#### GOAL OF THE EXERCISE:
Please print the entries exactly, omitting each image.

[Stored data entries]
----

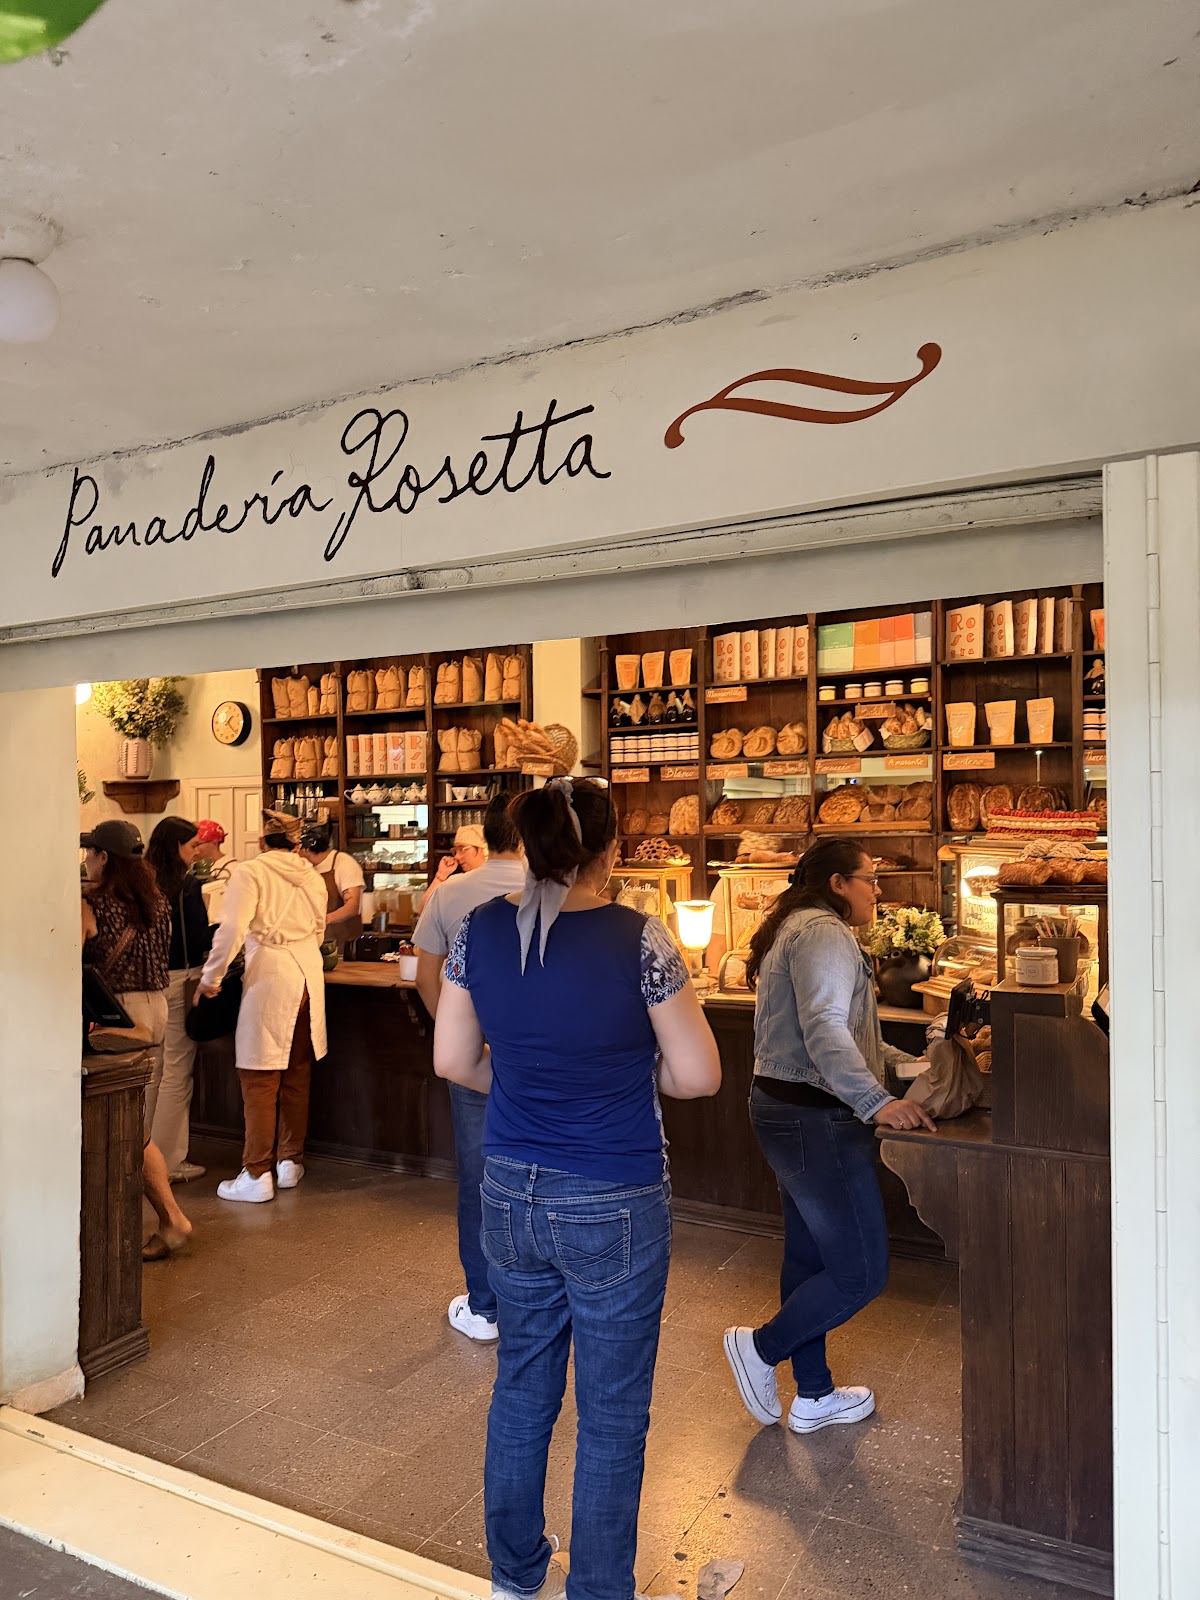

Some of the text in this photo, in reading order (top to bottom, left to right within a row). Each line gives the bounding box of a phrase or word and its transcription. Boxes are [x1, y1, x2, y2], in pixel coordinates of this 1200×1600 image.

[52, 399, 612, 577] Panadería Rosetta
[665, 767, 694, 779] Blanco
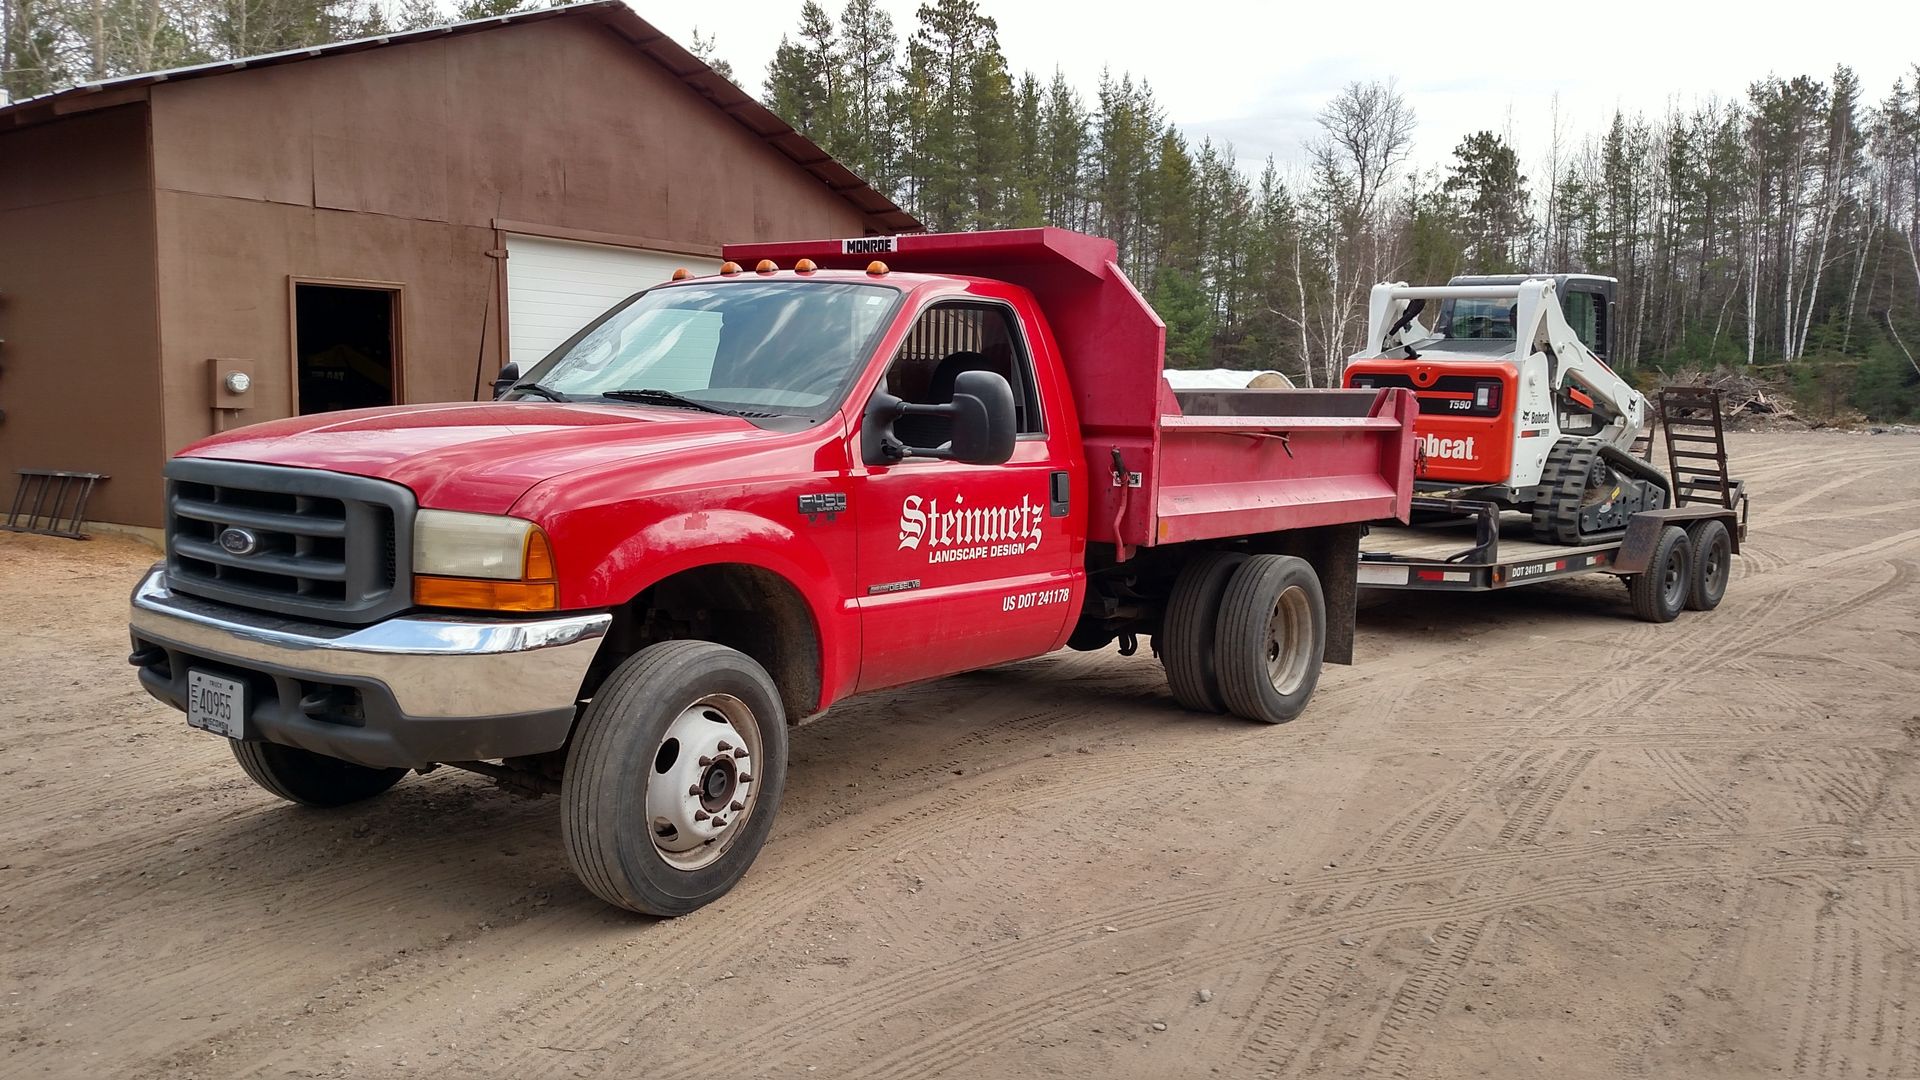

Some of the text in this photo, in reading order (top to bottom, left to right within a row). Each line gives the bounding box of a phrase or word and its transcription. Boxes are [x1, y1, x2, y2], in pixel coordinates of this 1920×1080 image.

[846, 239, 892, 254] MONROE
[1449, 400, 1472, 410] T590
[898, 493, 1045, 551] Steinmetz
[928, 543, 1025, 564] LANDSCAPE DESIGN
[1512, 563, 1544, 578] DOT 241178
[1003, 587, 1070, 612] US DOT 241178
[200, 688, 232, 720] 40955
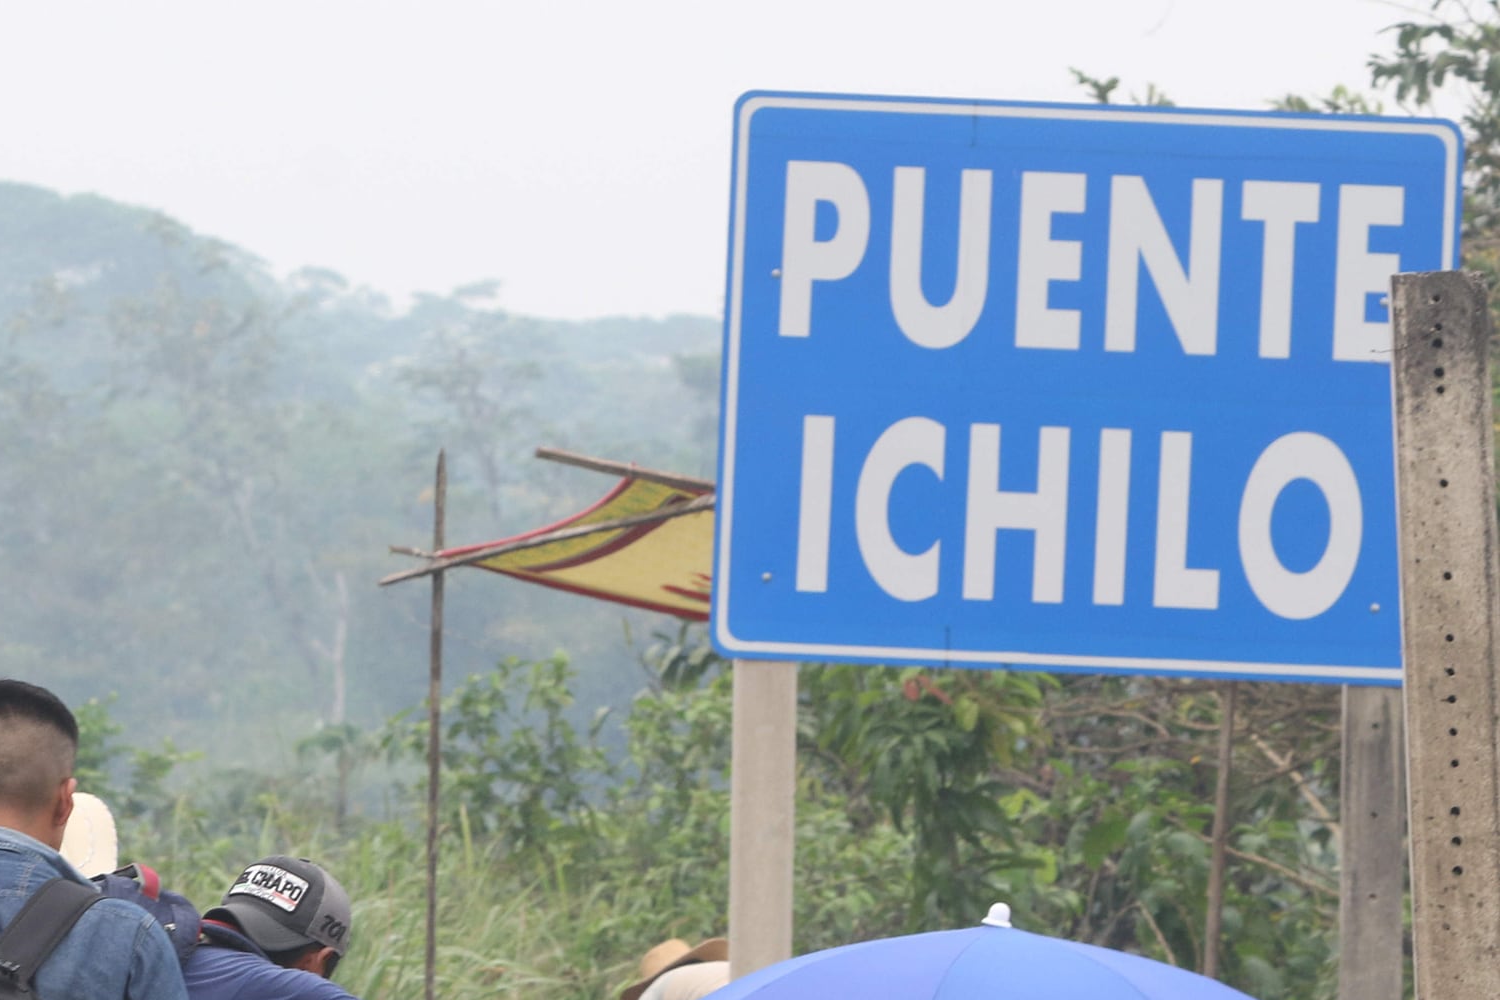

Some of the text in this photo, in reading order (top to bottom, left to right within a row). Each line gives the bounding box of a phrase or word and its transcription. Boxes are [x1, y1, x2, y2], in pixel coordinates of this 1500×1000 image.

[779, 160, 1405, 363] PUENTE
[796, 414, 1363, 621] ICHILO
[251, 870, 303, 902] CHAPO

----

#### ANSWER SECTION:
Some of the text in this photo, in reading order (top to bottom, left to right within a row). Each line gives the bounding box of a phrase or word and its transcription. Boxes are [x1, y1, x2, y2], in pixel coordinates of this 1200×1600 image.

[52, 399, 612, 577] Panadería Rosetta
[665, 767, 694, 779] Blanco

Some of the text in this photo, in reading order (top to bottom, left to right within a row). Each line gives the bounding box of a phrase or word and its transcription. Boxes are [x1, y1, x2, y2], in pixel coordinates of this 1920×1080 image.

[846, 239, 892, 254] MONROE
[1449, 400, 1472, 410] T590
[898, 493, 1045, 551] Steinmetz
[928, 543, 1025, 564] LANDSCAPE DESIGN
[1512, 563, 1544, 578] DOT 241178
[1003, 587, 1070, 612] US DOT 241178
[200, 688, 232, 720] 40955

Some of the text in this photo, in reading order (top to bottom, left to right within a row). Each line gives the bounding box of a phrase or word and its transcription. Boxes are [x1, y1, x2, y2], in pixel coordinates of this 1500×1000 image.

[779, 160, 1405, 363] PUENTE
[796, 414, 1363, 621] ICHILO
[251, 870, 303, 902] CHAPO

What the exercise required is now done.